Interview

最速150キロ右腕・森木 大智(高知2年)「波瀾万丈」の1年を経て熟成の時へ!

2020.04.24

 高知中で中学野球史上初の「150キロ」をマークし2019年4月に高知へ内部進学を果たした森木 大智。彼の言葉を借りれば「良い思いも悪い思いも経験して、高校野球の難しさを思い知らされた1年」。すなわち「波瀾万丈」の4文字に尽きるだろう。
 では高知中時代から指導する濵口 佳久監督いわく「ボールが軟式から硬式に変わり中学時代と違って簡単に抑えられない中で、自分を見つめなおすことができた」森木の1年とはいかなるものだったのか?2021年ドラフト候補・黄金世代のけん引車たるべき男の「過去・現在・未来」について追ってみよう。

「難しさを思い知らされた」2019年

最速150キロ右腕・森木 大智(高知2年)「波瀾万丈」の1年を経て熟成の時へ! | 高校野球ドットコム
森木 大智

 「自分の甘さ」「自分に厳しく」。この一年間を振り返る約20分間のインタビュー中、森木 大智は何度もそんな言葉を繰り返した。

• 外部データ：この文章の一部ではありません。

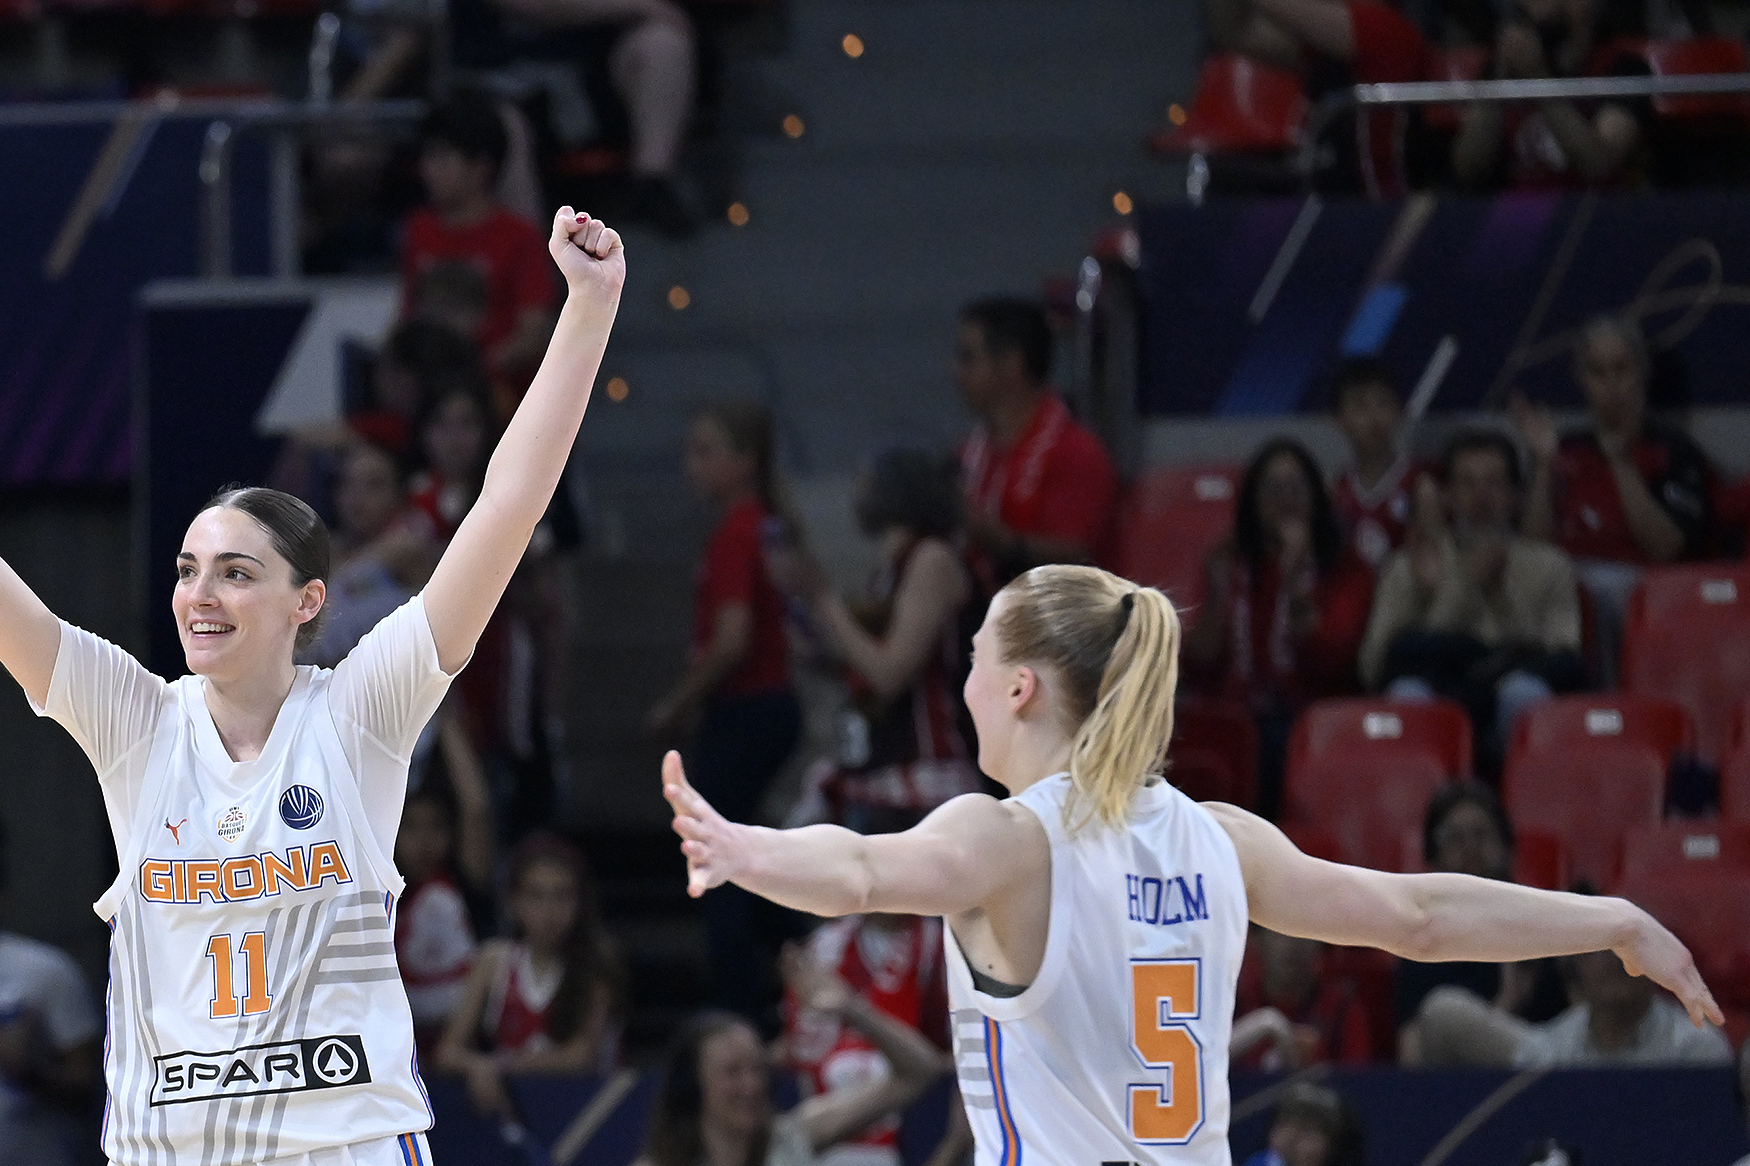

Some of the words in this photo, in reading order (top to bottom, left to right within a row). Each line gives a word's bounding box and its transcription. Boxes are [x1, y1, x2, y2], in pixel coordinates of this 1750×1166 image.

[140, 839, 354, 904] GIRONA
[1125, 873, 1210, 925] HOLM
[204, 931, 274, 1020] 11
[162, 1053, 301, 1094] SPAR
[1126, 957, 1206, 1146] 5

 2019年・高校入学から夏までの勢いは華々しいものだった。4月13日の八幡浜(愛媛)戦で練習試合初登板を果たすと、5月の四国大会で公式戦初登板。同月の高知県総体準決勝・高知商戦では済美安樂 智大(東北楽天ゴールデンイーグルス)の1年夏の最速に並ぶ「148キロ」を叩き出すと、7月の選手権高知大会でも148キロを連発。特に「自分自身も落ち着いていたし、いつも通り投げることができた」準決勝・高知商戦での4回無失点リリーフは「圧巻」の一言だった。

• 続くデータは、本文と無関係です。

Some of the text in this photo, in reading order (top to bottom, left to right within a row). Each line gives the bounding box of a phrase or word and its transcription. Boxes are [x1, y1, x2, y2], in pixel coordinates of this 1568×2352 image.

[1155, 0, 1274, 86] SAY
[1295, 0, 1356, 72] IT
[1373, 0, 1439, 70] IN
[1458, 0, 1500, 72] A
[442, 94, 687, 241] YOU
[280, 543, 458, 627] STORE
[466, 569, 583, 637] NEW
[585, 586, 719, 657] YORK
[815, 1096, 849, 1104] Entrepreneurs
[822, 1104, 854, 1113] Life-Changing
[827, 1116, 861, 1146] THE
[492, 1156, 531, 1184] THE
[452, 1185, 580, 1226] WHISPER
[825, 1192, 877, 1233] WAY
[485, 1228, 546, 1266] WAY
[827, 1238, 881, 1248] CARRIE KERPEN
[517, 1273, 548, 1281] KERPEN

 しかし……。準決勝翌日「思ったより登板が早くなったことでの準備不足もあったし、相手の3年生も死にものぐるいで襲いかかってくる感じはして、その気迫に負けないようにやっていたのですけ、それを気にしすぎしまって、自分のプレーができなかった」明徳義塾戦での高知大会決勝戦敗戦を境に、状況は一変する。「じん帯がはく離する一歩手前だった」(濵口 佳久監督)右ひじを休めるため、新人戦では野手に専念。その後、右ひじは回復したものの、秋季県大会での登板は準々決勝・高知中央戦での打者1人に留まった。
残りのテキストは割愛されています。